Dawn Kawamoto for San Francisco Business Times:
Apple products aren’t the only thing [to which] Steve Jobs devoted his passion for detail and design. Just ask Patty Bonfilio.
She is director of facility operations at Pixar Animation Studios, the other house that Steve Jobs built.
“When Steve was designing the building, he let the first architect go. It was clear to Steve (the architect) wanted to do his design and not Steve’s, so Steve said ‘no,’” Bonfilio said.

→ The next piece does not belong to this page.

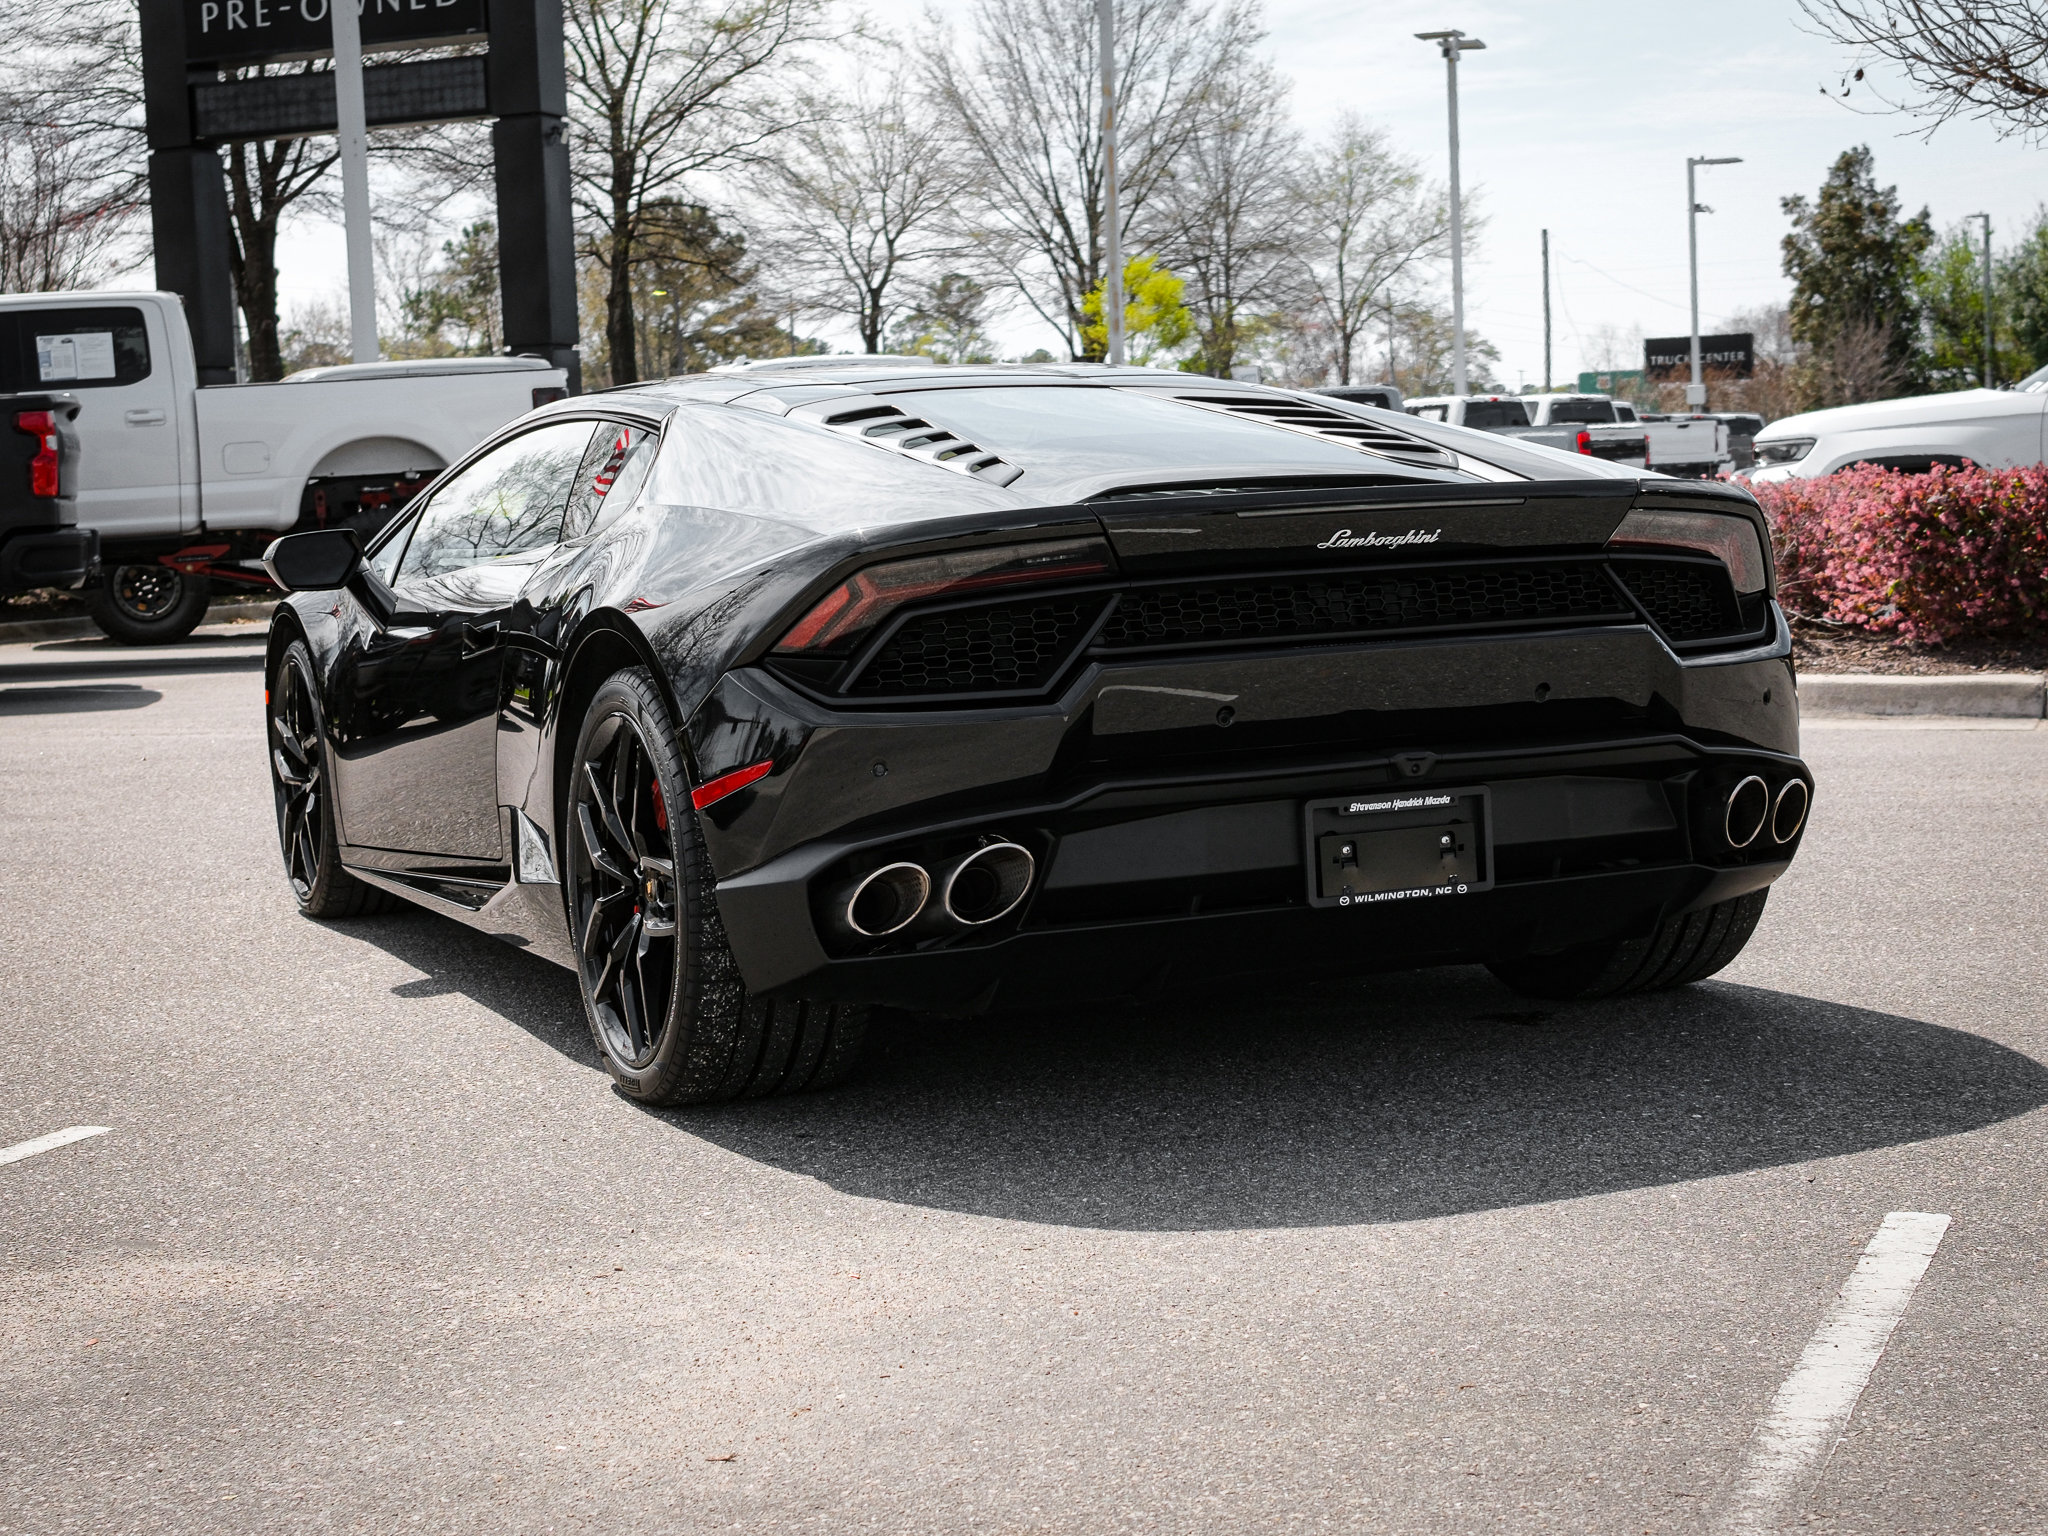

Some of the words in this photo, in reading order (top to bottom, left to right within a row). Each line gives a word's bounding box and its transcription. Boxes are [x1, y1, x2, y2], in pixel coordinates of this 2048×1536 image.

Instead, he hired Bohlin, Cywinski and Jackson as the architects for the Steve Jobs Building, one of three buildings that would eventually go up on the 22-acre campus in Emeryville. The design for the Steve Jobs Building began in 1996 and took two years, with construction starting in 1998 and the move in date in 2000.
It took a total of four years to build the 218,000-square foot two-story, steel, glass, brick and wood Steve Jobs Building.
MacDailyNews Take: We love that Jobs didn’t allow construction workers to use air-powered tools on the building, instead requiring them to manually set the bolts by hand with wrenches and that he required the wooden floors to be hand-sanded.
That’s a very Jobsian touch, likely handed down to him from his father, machinist and craftsman Paul Jobs who was, in the words of his son, as a “genius with his hands.”